The only requirement was that I apply for a job at least once a week, and report that to the state unemployment bureau. There was a Catch-22 in my favor: I didn’t have to accept a job that paid less than what I was already receiving. As you probably know, the take-home pay of auto workers was huge—almost university vice-president level. When you’re 20 years old and unskilled who else is going to hire you at six times the minimum wage?
Right. There I was, my life completely subsidized. I was a new father, which took up some time, but I was mostly bored. It was a less-antagonizing boredom than standing on the assembly line, but boring enough. Getting another job was out; I’d seen co-workers try that, get caught, and lose the free ride. Going into fulltime party mode wasn’t for me. But I couldn’t just do nothing. More than that, I felt moved to do something worthwhile.
I had no hobbies at the time. I tried volunteering for community organizations, but the opportunities were limited. So I continued writing newspaper stories, for which I was actually paid from time to time, anywhere from $5 to $15. I also managed to talk the owner of a print shop into letting me write some ads for him. I made less than $200 writing that year, but I was beginning to feel like a writer. Doing something worthwhile, or at least something that produced tangible results.
I traveled some. I was still reading, and picked up a dozen or so magazines every month. I subscribed to several, including Popular Science, Mechanix Illustrated, Science Digest, and Analog science fiction magazine. I was strongly drawn by the idea of writing for magazines, but I didn’t feel that I had the skills. I thought about writing books, but here again I felt my skills were lacking. Still, there was one book in particular I made notes to start several times: a biography of Powel Crosley, Jr.
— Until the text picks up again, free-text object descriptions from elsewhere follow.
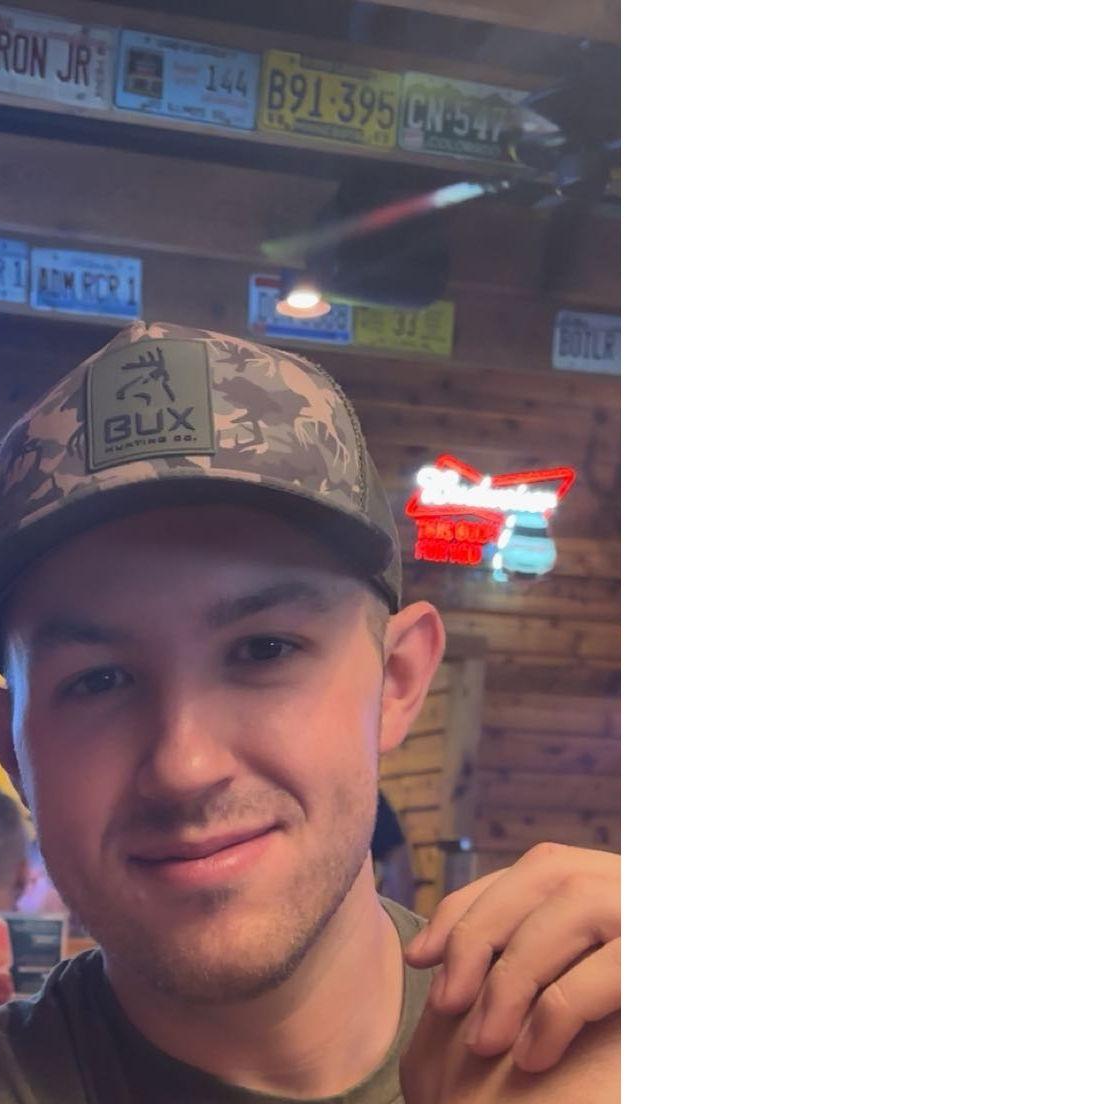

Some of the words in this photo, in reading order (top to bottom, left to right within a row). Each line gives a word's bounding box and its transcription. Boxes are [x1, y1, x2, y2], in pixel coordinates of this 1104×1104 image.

[56, 40, 92, 87] JR
[205, 64, 248, 97] 144
[104, 406, 196, 443] BUX
[105, 436, 167, 453] HUNTING
[173, 434, 198, 442] CO.
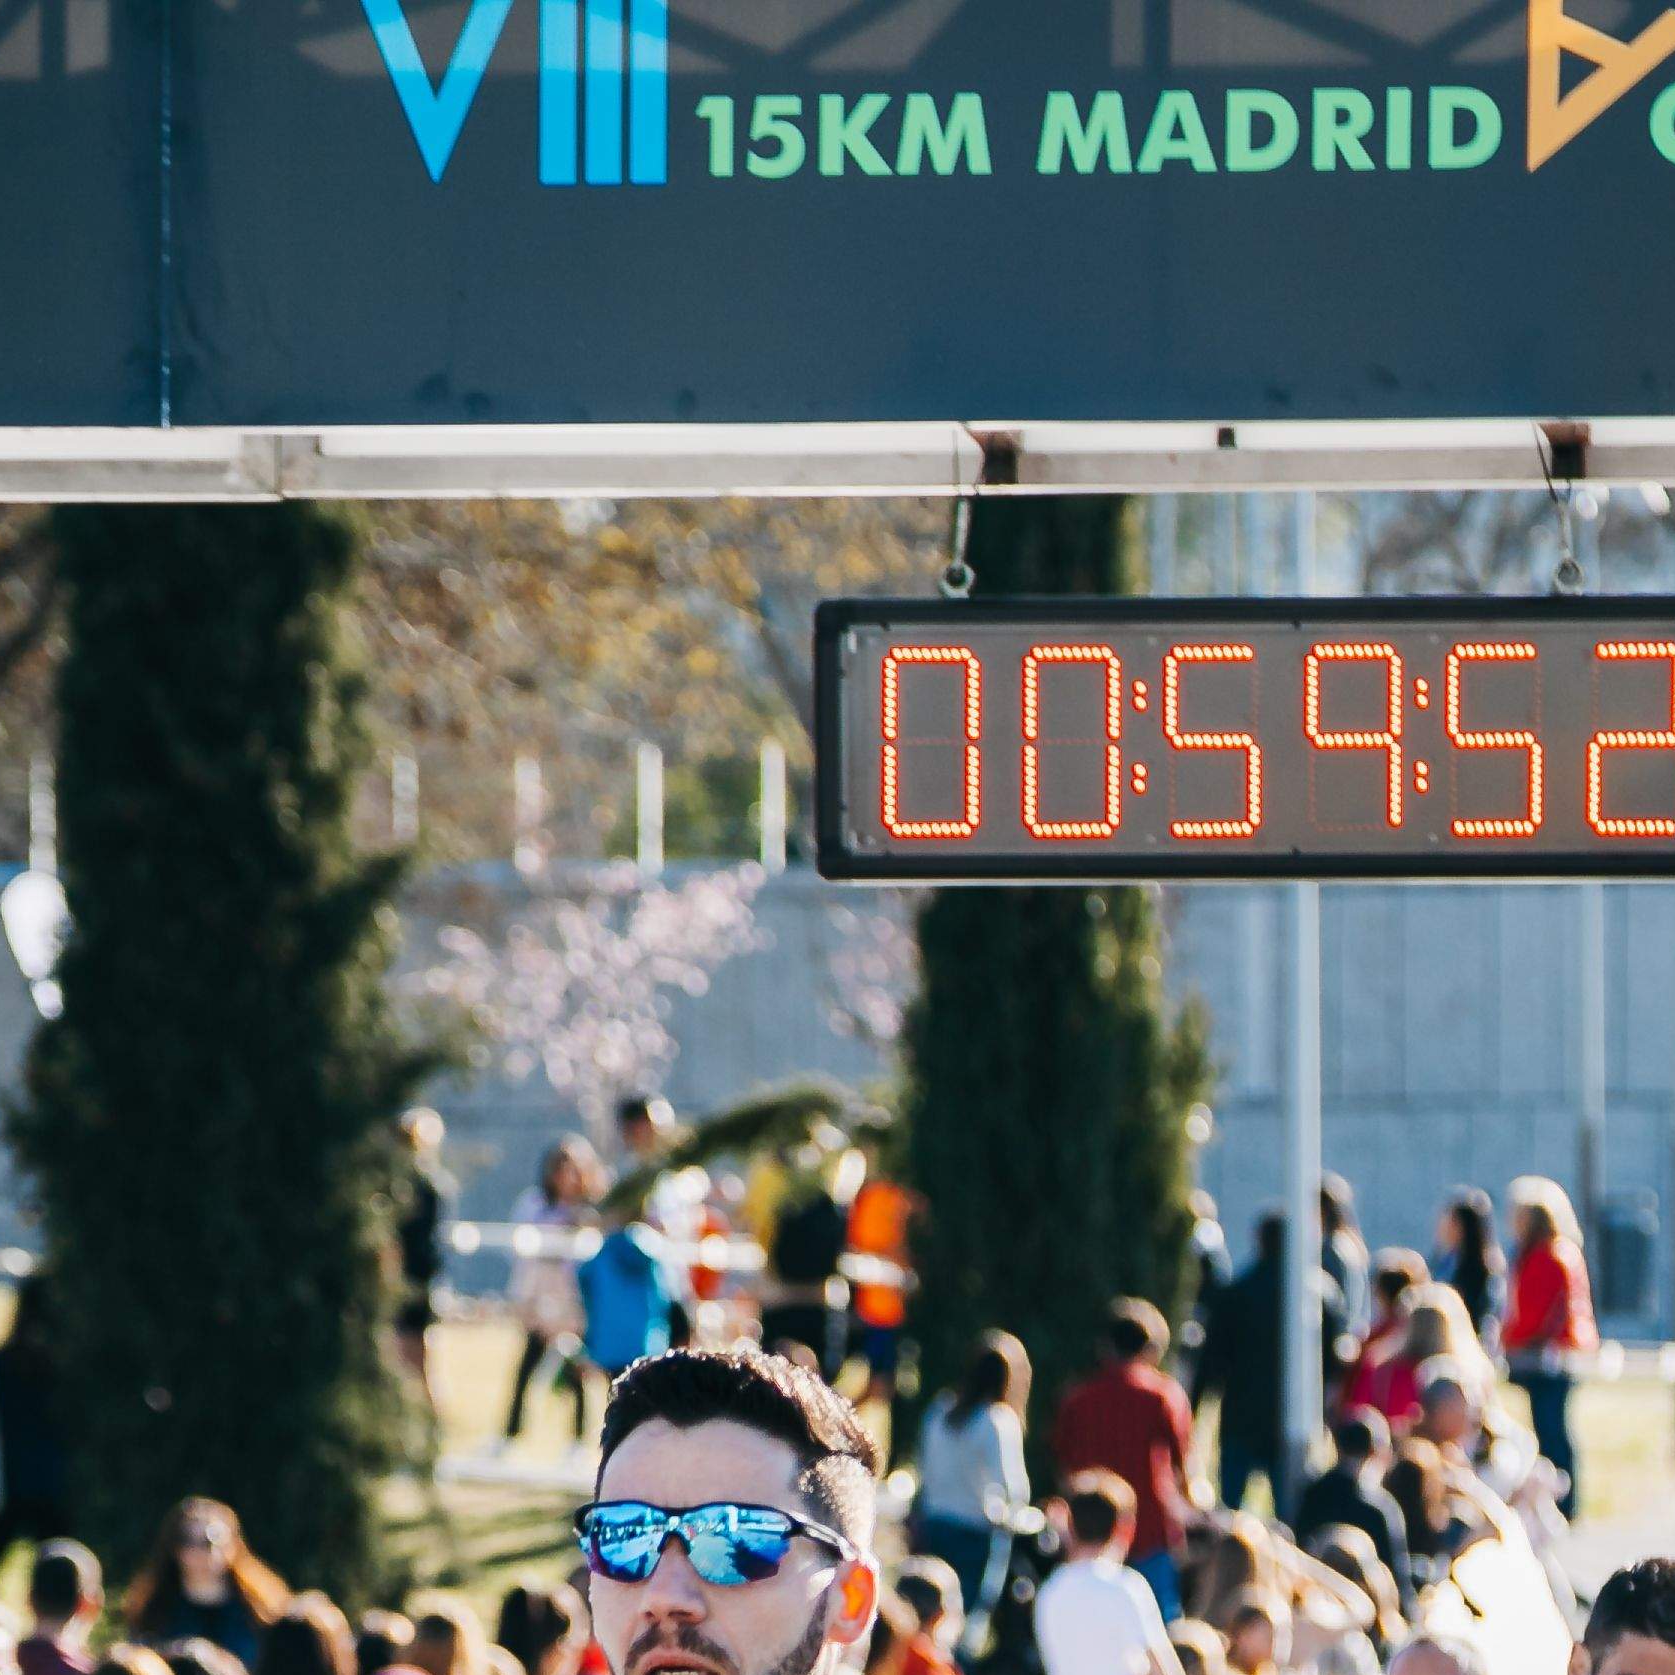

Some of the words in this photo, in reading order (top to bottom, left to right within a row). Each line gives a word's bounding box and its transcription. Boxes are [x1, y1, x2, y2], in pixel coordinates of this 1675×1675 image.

[360, 0, 668, 185] VIII
[696, 92, 992, 178] 15KM
[1035, 86, 1502, 174] MADRID
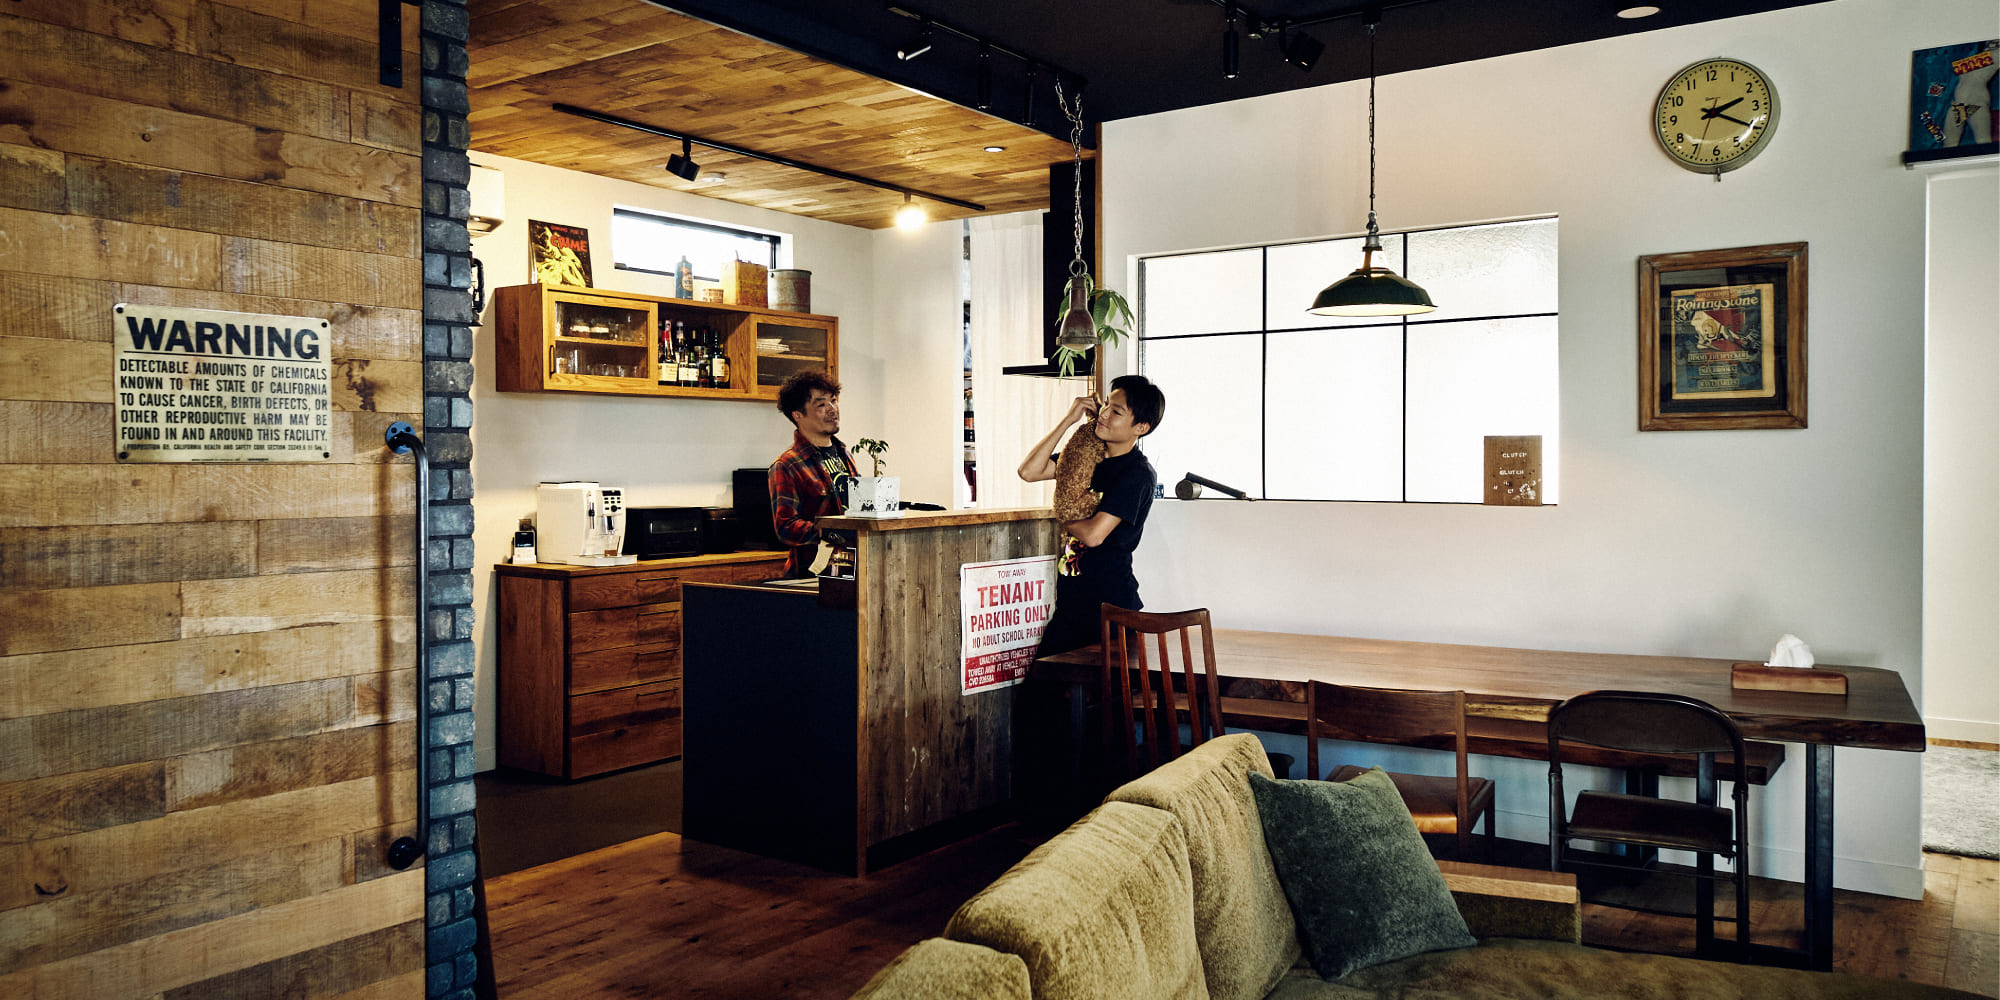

I was also intimidated by the idea of creating a book-length manuscript. At that time in my life I was unable to put so much sustained effort into a project without feedback. Shorter works were my métier.
And short fiction ... well, there was an idea. I was reading a lot of fiction in the monthly magazines, and short story collections were prominent among the books I took to work every day. Why not try fiction?
Why not, indeed? Years of reading had left me with some idea of the structure of fiction. I noticed how sentences were organized, soaked up dialogue technique, and studied the styles of various writers. I was already editing stories in my mind, changing characters and outcomes. (It helped that my 7th-grade English teacher had drilled us on sentence diagramming so much that for weeks afterward I was mentally diagramming sentences as I spoke them.)
So I spent a lot of hours at the typewriter, pounding out mainstream and science fiction stories that were more wish-fulfillment fantasies than marketable fiction. I found it gratifying to write short stories, but I was frustrated that my stories didn’t read as well as published work, and mostly didn’t have satisfying endings. (Some had no endings at all.)
After a few hundred pages I decided to seriously attack the problem of writing style, to answer the question of why my writing was so ... clunky. I studied how writers like Ray Bradbury and Robert Heinlein achieved certain effects, and slowly developed sets of rules to help me produce smoother prose. Heavy editing and rewriting reinforced what I was learning.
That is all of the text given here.